*** Begin section ***

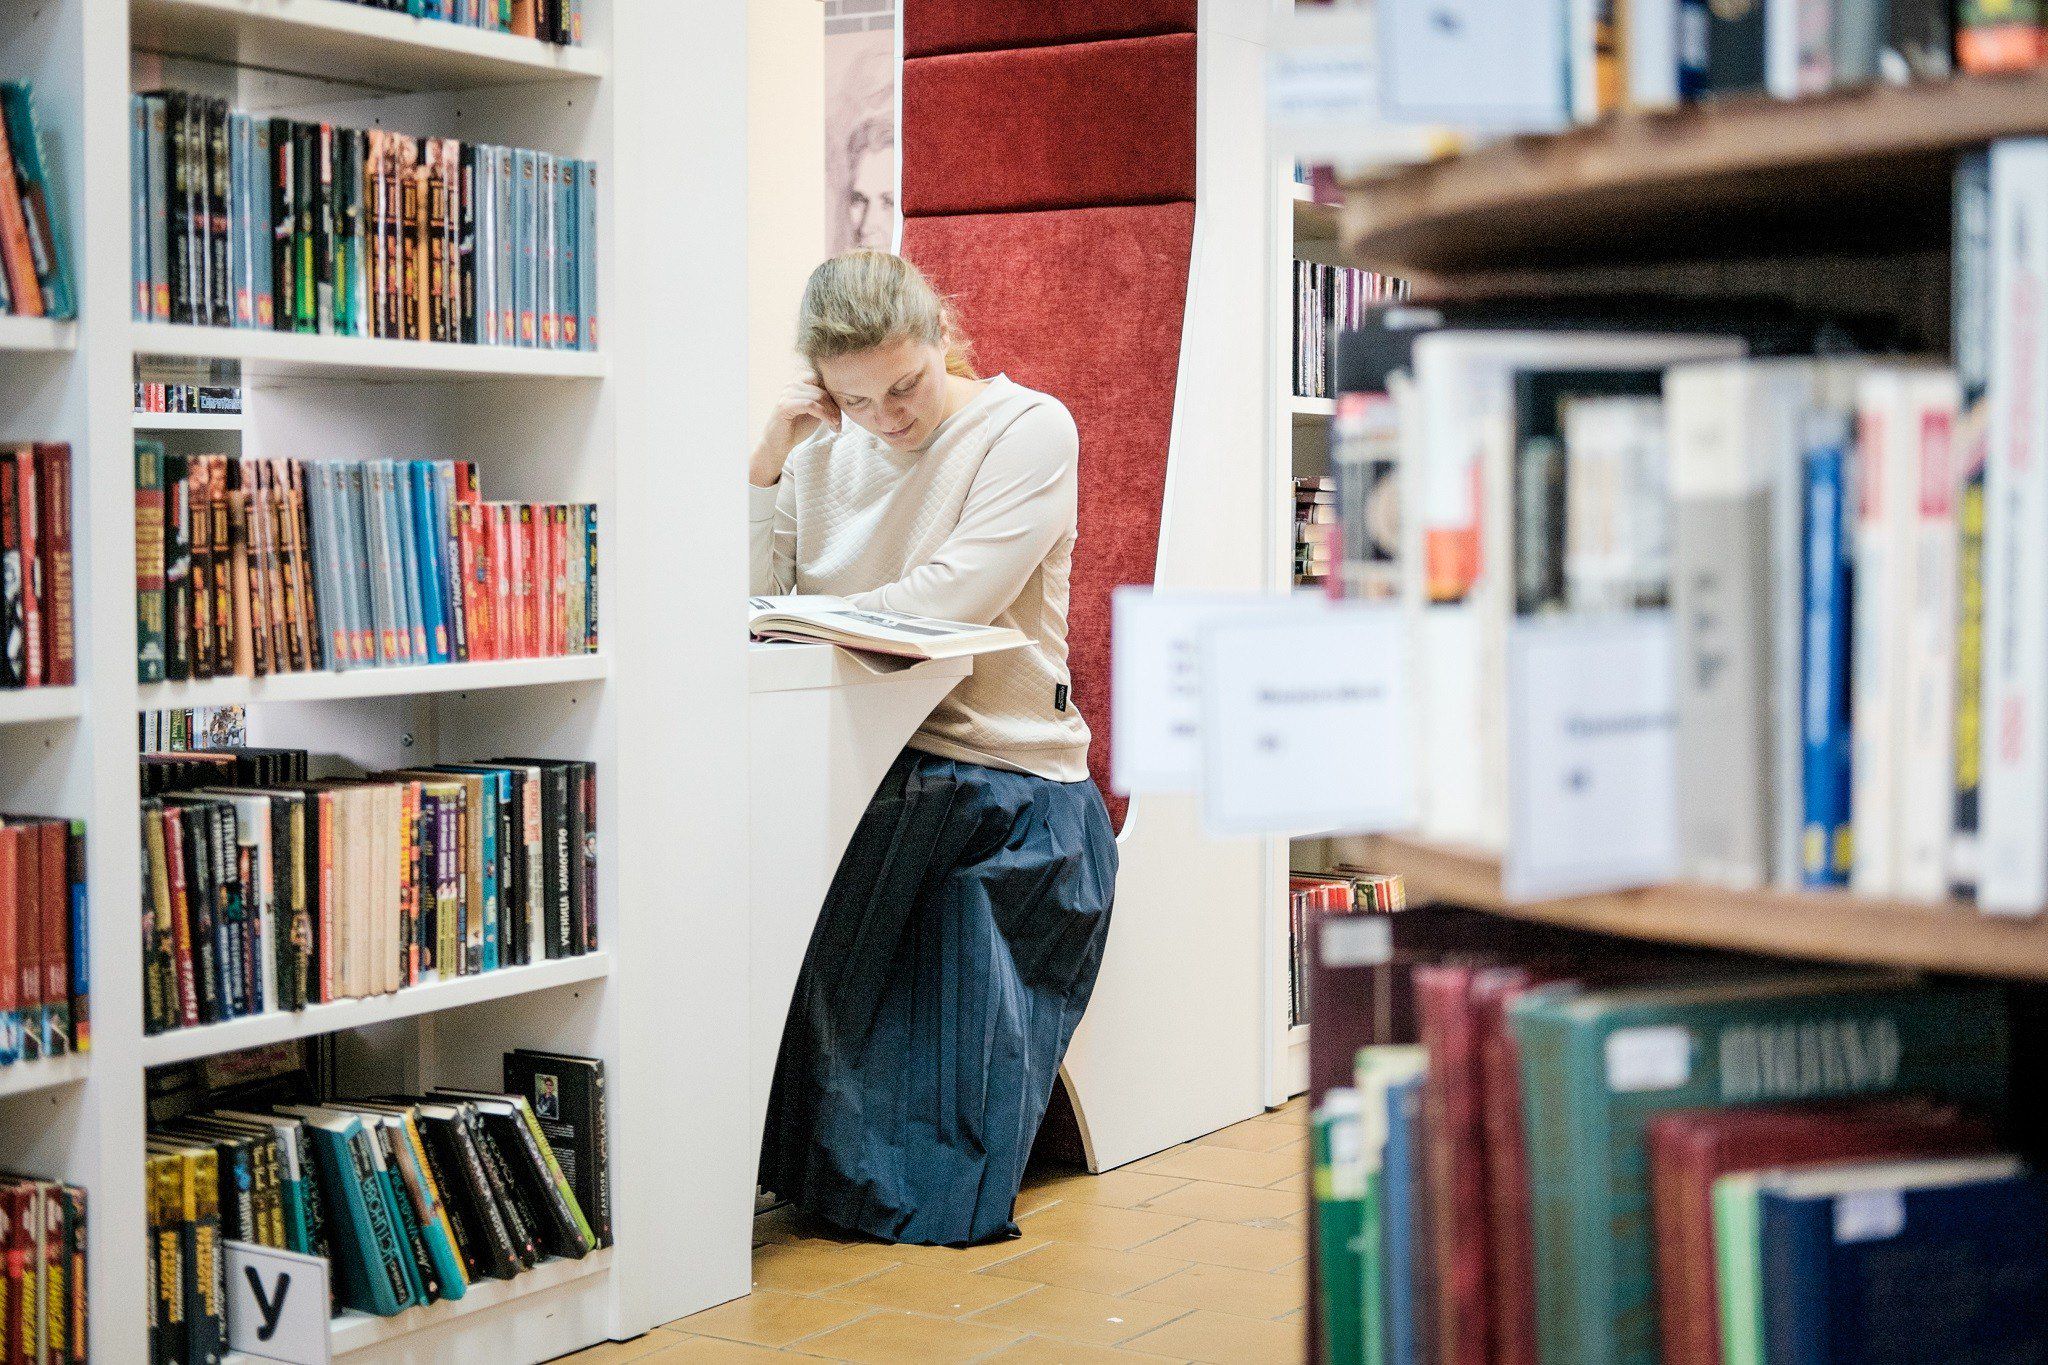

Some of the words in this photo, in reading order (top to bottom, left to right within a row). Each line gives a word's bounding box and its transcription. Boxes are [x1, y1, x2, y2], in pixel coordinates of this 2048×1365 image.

[557, 827, 569, 892] КАЛИОСТРО
[559, 895, 570, 946] УЧЕНИЦА
[358, 1175, 398, 1264] УСТИНОВА
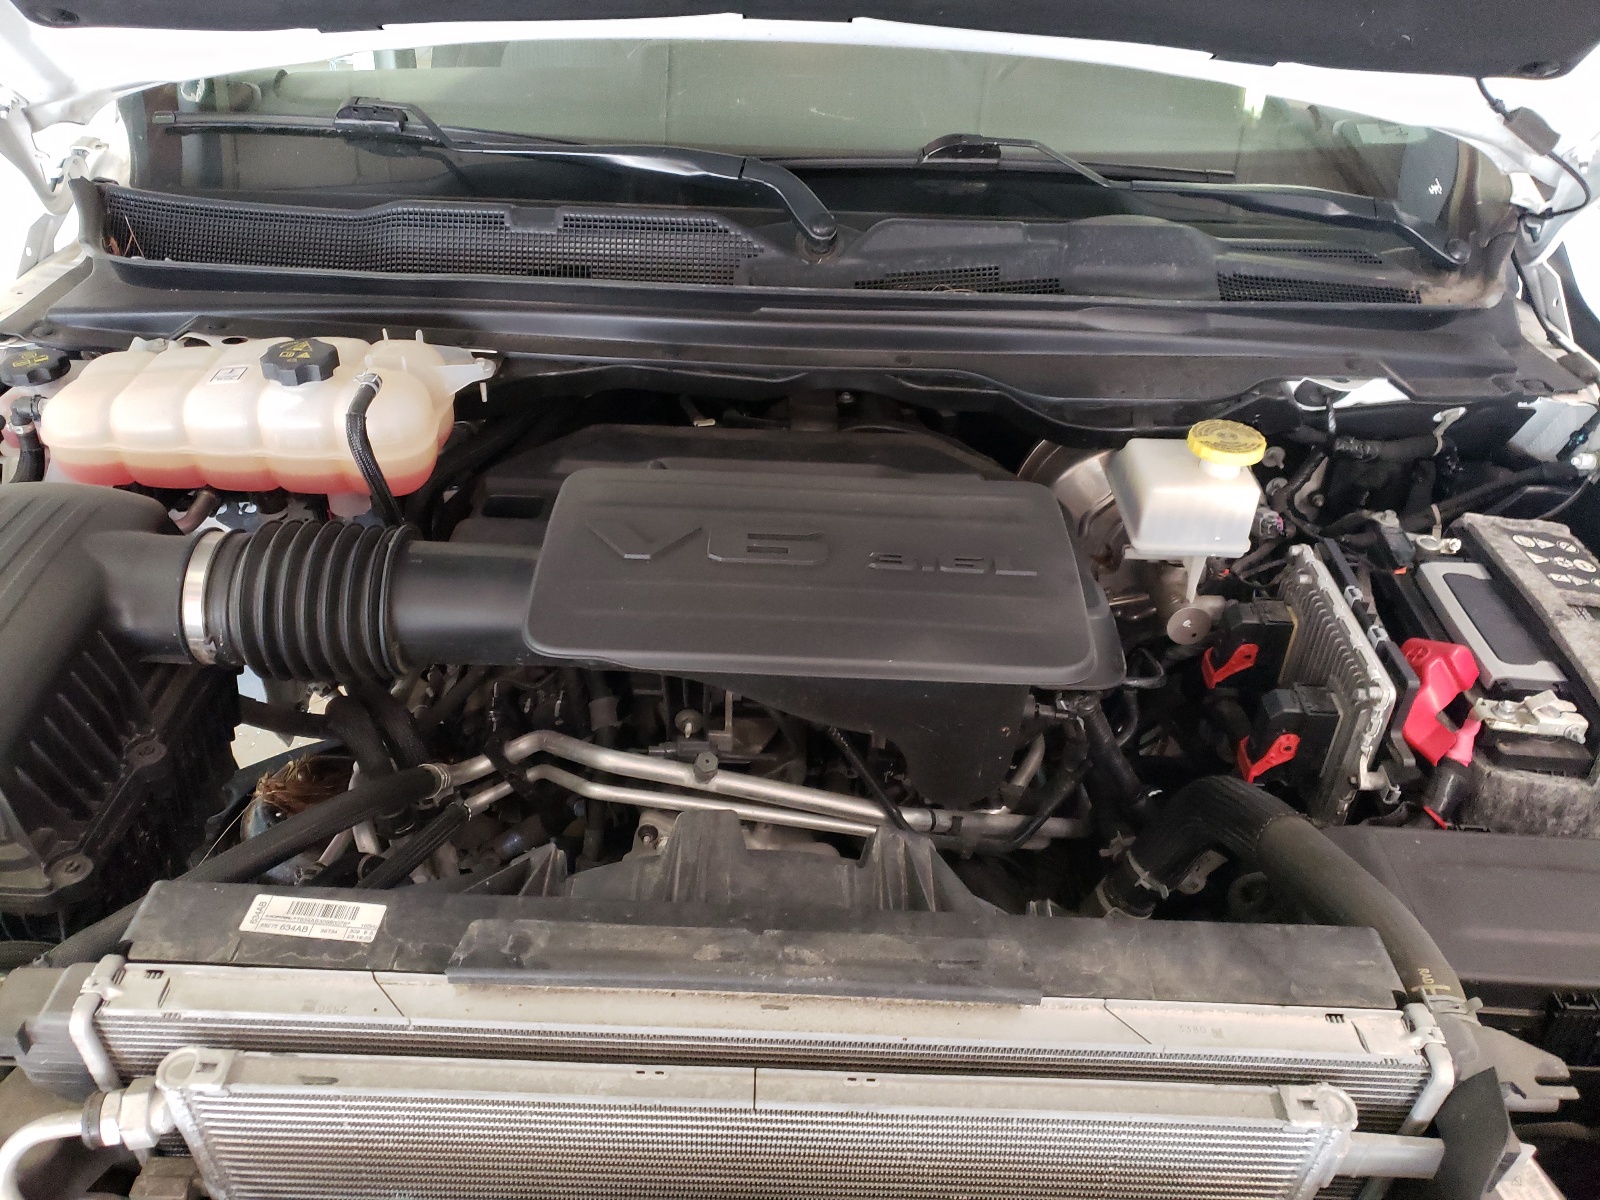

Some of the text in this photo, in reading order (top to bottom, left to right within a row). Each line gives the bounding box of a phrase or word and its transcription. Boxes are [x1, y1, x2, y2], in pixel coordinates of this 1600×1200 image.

[585, 520, 1038, 577] V6 3.6L
[250, 901, 267, 924] 634AB
[279, 923, 309, 933] 634AB
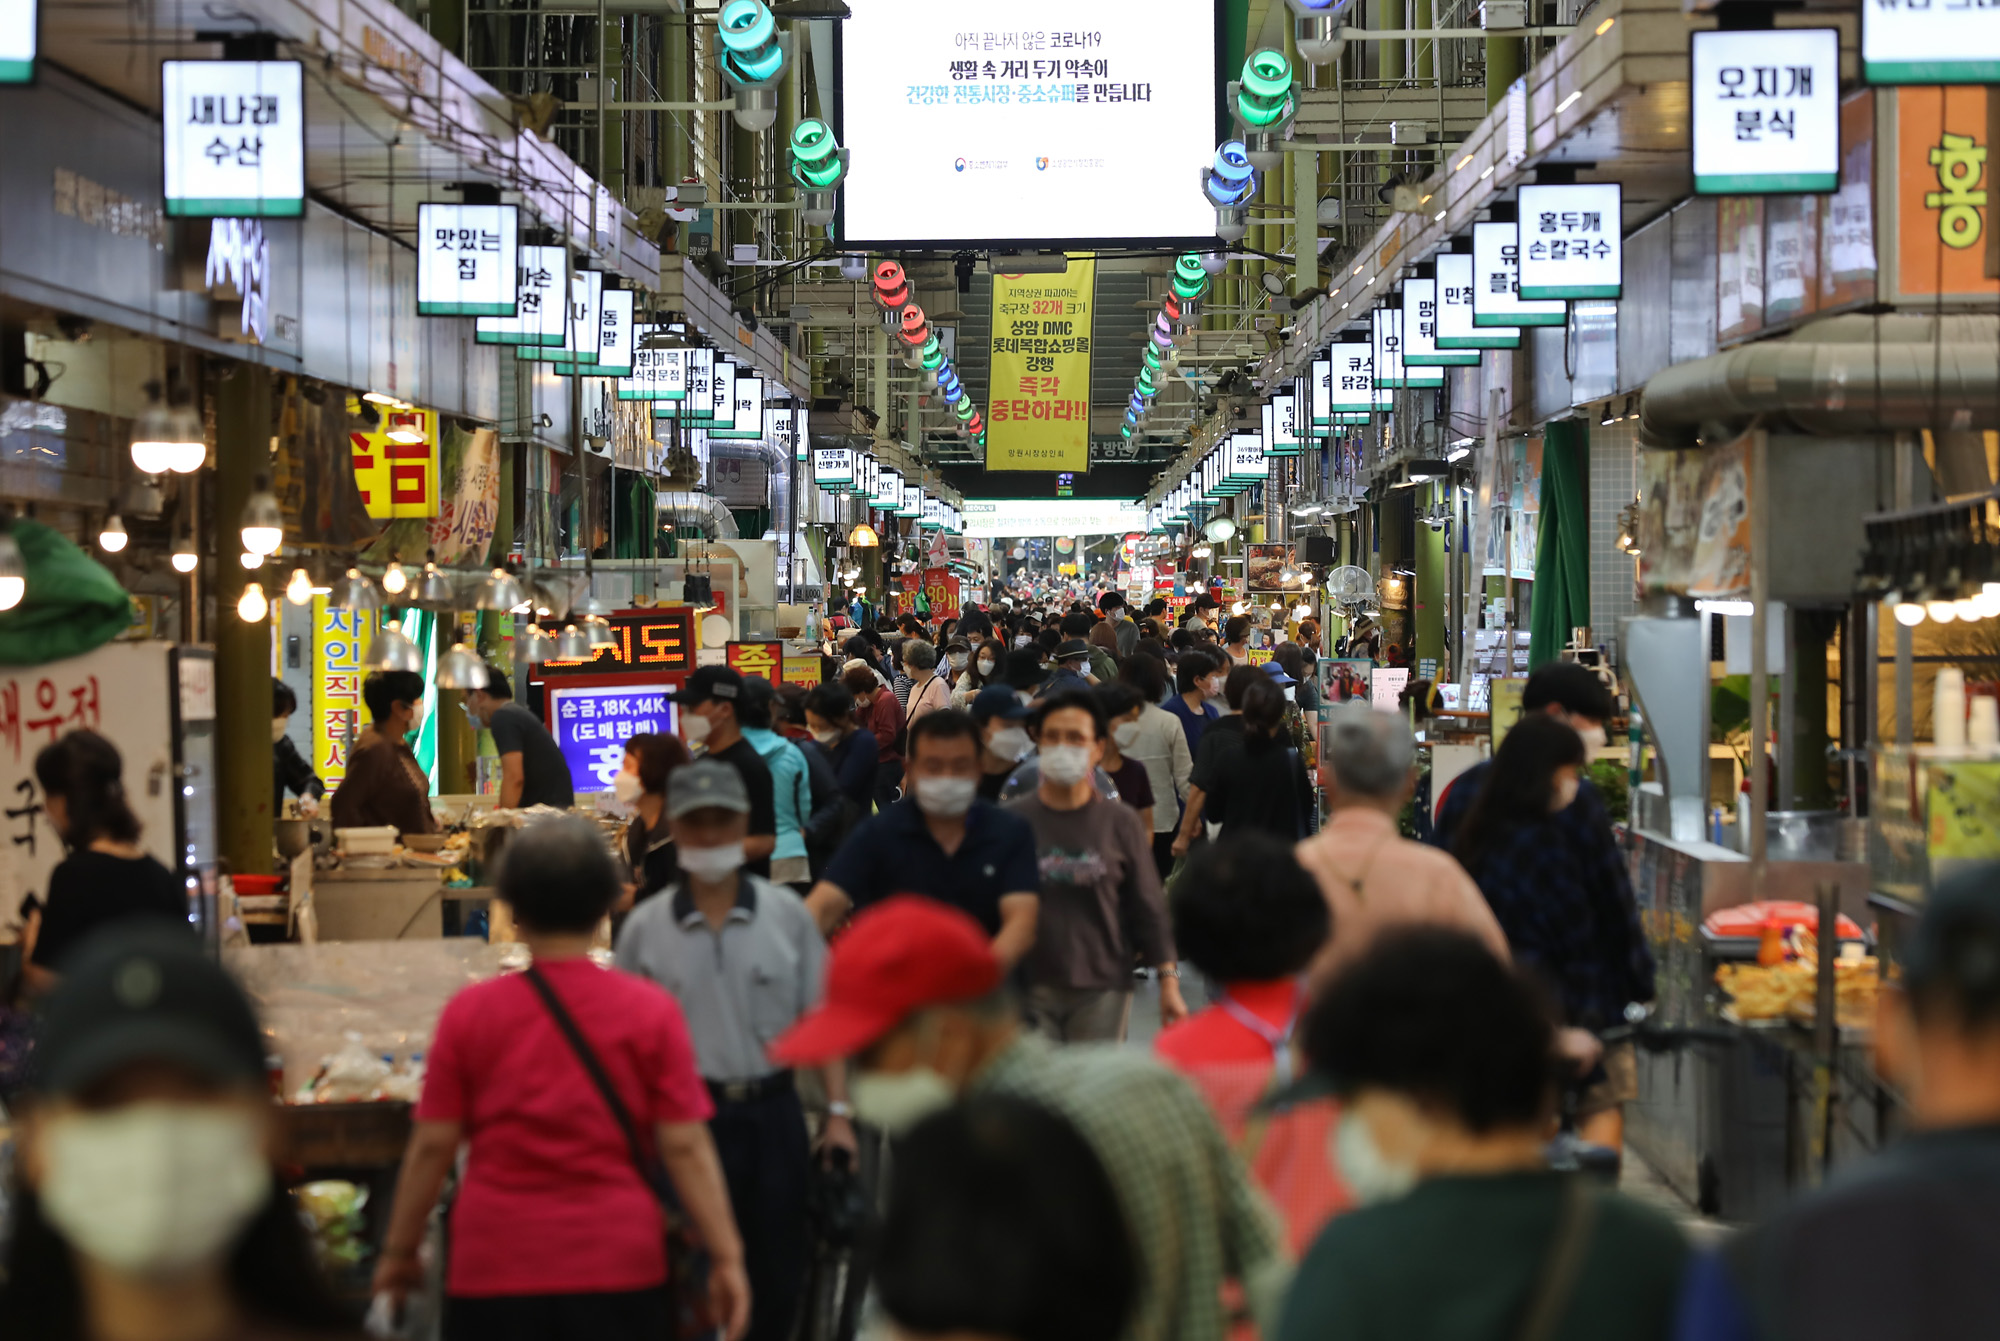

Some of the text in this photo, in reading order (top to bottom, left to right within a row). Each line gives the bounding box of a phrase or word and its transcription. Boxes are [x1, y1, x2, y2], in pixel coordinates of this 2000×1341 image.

[955, 31, 1101, 50] 아직 끝나지 않은 코로나19
[949, 59, 1108, 80] 생활 속 거리 두기 약속이
[1717, 65, 1813, 99] 오지개
[906, 83, 1152, 105] 건강한 전통시장·중소슈퍼를 만듭니다
[188, 95, 278, 126] 새나래
[1735, 109, 1795, 141] 분식
[205, 136, 263, 166] 수산
[1926, 130, 1987, 249] 홍
[1539, 212, 1601, 233] 홍두깨
[436, 229, 500, 251] 맛있는
[1528, 239, 1612, 260] 손칼국수
[458, 258, 476, 280] 집
[520, 293, 541, 313] 찬
[1008, 289, 1078, 298] 지역상권 파괴하는
[999, 300, 1086, 315] 축구장 32개 크기
[1010, 321, 1073, 335] 상암 DMC
[993, 337, 1089, 354] 롯데복합쇼핑몰
[634, 353, 679, 367] 원어묵
[1025, 357, 1054, 372] 강행
[624, 369, 680, 381] 식전문점
[1342, 375, 1373, 390] 닭강
[1019, 376, 1060, 397] 즉각
[735, 399, 752, 411] 락
[991, 399, 1087, 422] 중단하라!!
[818, 460, 850, 469] 신발가게
[821, 450, 845, 459] 모든발
[927, 585, 947, 603] 80
[731, 644, 777, 680] 족
[561, 697, 667, 719] 순금,18K,14K
[571, 718, 659, 742] (도매판매)

*** End section ***

■ Goal of the exercise
Your answer must be an exact copy of the records, free of images.

■ Finished exercise
Some of the words in this photo, in reading order (top to bottom, left to right within a row). Each line gives a word's bounding box and its transcription. Boxes are [x1, y1, x2, y2], in pixel coordinates of this 2048×1365 image.

[557, 827, 569, 892] КАЛИОСТРО
[559, 895, 570, 946] УЧЕНИЦА
[358, 1175, 398, 1264] УСТИНОВА

Some of the text in this photo, in reading order (top to bottom, left to right within a row). Each line gives the bounding box of a phrase or word and its transcription. Boxes are [x1, y1, x2, y2], in pixel coordinates of this 1600×1200 image.

[585, 520, 1038, 577] V6 3.6L
[250, 901, 267, 924] 634AB
[279, 923, 309, 933] 634AB

Some of the text in this photo, in reading order (top to bottom, left to right within a row). Each line gives the bounding box of a phrase or word and its transcription. Boxes are [x1, y1, x2, y2], in pixel coordinates of this 2000×1341 image.

[955, 31, 1101, 50] 아직 끝나지 않은 코로나19
[949, 59, 1108, 80] 생활 속 거리 두기 약속이
[1717, 65, 1813, 99] 오지개
[906, 83, 1152, 105] 건강한 전통시장·중소슈퍼를 만듭니다
[188, 95, 278, 126] 새나래
[1735, 109, 1795, 141] 분식
[205, 136, 263, 166] 수산
[1926, 130, 1987, 249] 홍
[1539, 212, 1601, 233] 홍두깨
[436, 229, 500, 251] 맛있는
[1528, 239, 1612, 260] 손칼국수
[458, 258, 476, 280] 집
[520, 293, 541, 313] 찬
[1008, 289, 1078, 298] 지역상권 파괴하는
[999, 300, 1086, 315] 축구장 32개 크기
[1010, 321, 1073, 335] 상암 DMC
[993, 337, 1089, 354] 롯데복합쇼핑몰
[634, 353, 679, 367] 원어묵
[1025, 357, 1054, 372] 강행
[624, 369, 680, 381] 식전문점
[1342, 375, 1373, 390] 닭강
[1019, 376, 1060, 397] 즉각
[735, 399, 752, 411] 락
[991, 399, 1087, 422] 중단하라!!
[818, 460, 850, 469] 신발가게
[821, 450, 845, 459] 모든발
[927, 585, 947, 603] 80
[731, 644, 777, 680] 족
[561, 697, 667, 719] 순금,18K,14K
[571, 718, 659, 742] (도매판매)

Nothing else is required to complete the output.